New Yorker celebrates 50th USBC Women's Championships

    05/07/07

    United States

    Northcross Lanes and AMF Carolina Lanes in Charlotte, NC (April 12 - July 2, 2007)

    20067USBCWomensChampionshipLogo.jpg Vi Bonomo's bowling career began in 1942 in a small six-lane center in upstate New York where she had to set her own pins.

    Sixty-five years later, the technology of bowling is a bit more advanced, but the 81-year-old Bonomo of Utica, N.Y., is still rolling strikes and converting spares, still smiling, laughing and high-fiving fellow bowlers.

    Bonomo's bowling career reached a grand milestone Sunday as she competed in her 50th United States Bowling Congress Women's Championships at AMF Carolina Lanes in Matthews, N.C.

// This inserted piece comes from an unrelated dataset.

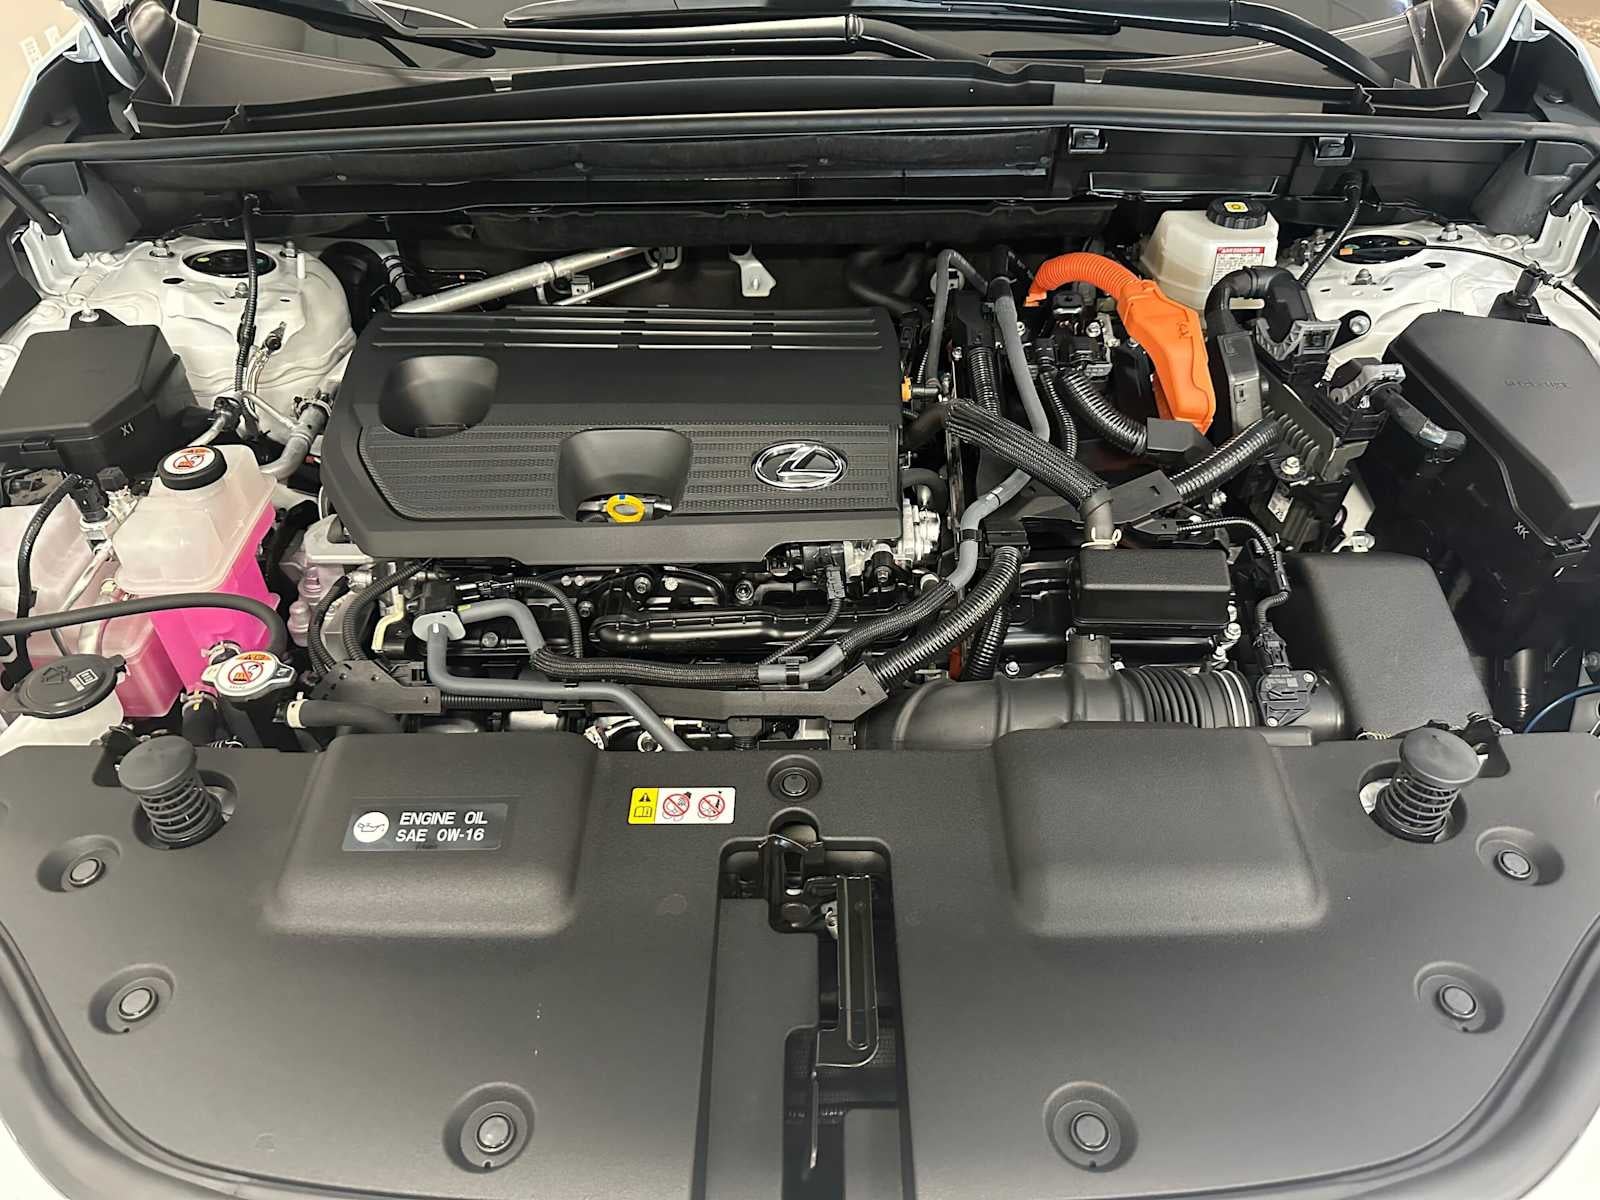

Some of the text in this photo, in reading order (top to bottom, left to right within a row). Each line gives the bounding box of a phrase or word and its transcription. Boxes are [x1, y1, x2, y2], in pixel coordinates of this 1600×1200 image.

[399, 811, 488, 825] ENGINE OIL
[395, 828, 485, 842] SAE 0W-16

    "This sport has given me the opportunity to meet so many great people from all around the country," she said. "That's why I keep bowling."

    After high school, Bonomo and colleagues at the Utica National Insurance Company teamed up to compete in league after work. She hasn't stopped bowling since.

    "It was just for fun," she said. "And, I loved every minute of it."

    In 1954, the Women's Championships rolled into Syracuse, N.Y., not far from Utica. Bonomo's teammates, who had participated in previous Women's Championships, persuaded her to compete with them on the national stage.

    "They took me under their wing because I had never competed in a prestigious national event like that," Bonomo said. "It was so much fun to see all the great women bowlers. It was so exciting!"

    Bonomo has been traveling around the country competing in national events ever since. Some of her most memorable moments have come after bowling in Women's Championships.

    "After the Women's Championships in Portland, Ore., in 1965 I went with a group of bowlers from New York on a 10-day trip to Hawaii," Bonomo recalled. "Three years later after competing in San Antonio, we all vacationed in Mexico."

    Bonomo became a leader of women's bowling in New York in 1968. She was appointed a director of the New York State Women's Bowling Association. Bonomo eventually became vice-president of the state association, a position she held before retiring last year.

    "I didn't get into bowling leadership because I excelled in the sport," she said. "I carried a pretty good average, but it wasn't good enough to be a professional. I got involved because bowling is great exercise and good, clean fun. People sometimes forget about that part - bowling is supposed to be fun."

    Bonomo once got the opportunity to bowl with famed trick-shot bowler and bowling ambassador Andy Varipapa in her hometown. She asked the legendary bowler for some advice on how to improve her game.

    "I remember him saying to me, 'The next time I recommend you don't bowl against me.'"


    New York duo moves into third place in Division 1 Doubles

    Rebecca Eynon of Newark Valley, N.Y., fired a 707 series Sunday to propel her and teammate Tracey Kellicutt of Lisle, N.Y., into third place in Division 1 Doubles action at the 2007 United States Bowling Congress Women's Championships.

    The two women combined to shoot 1,188, edging Nanette Belk of Eagle River, Alaska and Carla Neffendorf of Wasilla, Alaska who rolled 1,183 Saturday. Melanee Mangold of Stevensville, Mich., and Jan Schaub of Eau Claire, Mich., hold the Division 1 Doubles lead with 1,195.

    Eynon, competing in her 11th Women's Championships, led the pair with games of 223, 246 and 238. Kellicut added a 481 series with games of 157, 148 and 176.

    Eynon, who was recently voted into the Binghamton-Johnson City-Endicott USBC WBA Hall of Fame in New York, said she checked the leader board on Bowl.com before competition and knew they had to shoot close to 1,200.

    "I hope we can hang on to second place," Eynon said. "It would really top off the year for me. I've been bowling very well this year."

    The Women's Championships, which is the largest participatory sporting event in the world for women, will continue through July 2 at two suburban Charlotte bowling centers. Northcross Lanes in Huntersville, N.C., will host team squads each day while doubles and singles competition will take place at AMF Carolina Lanes in Matthews, N.C.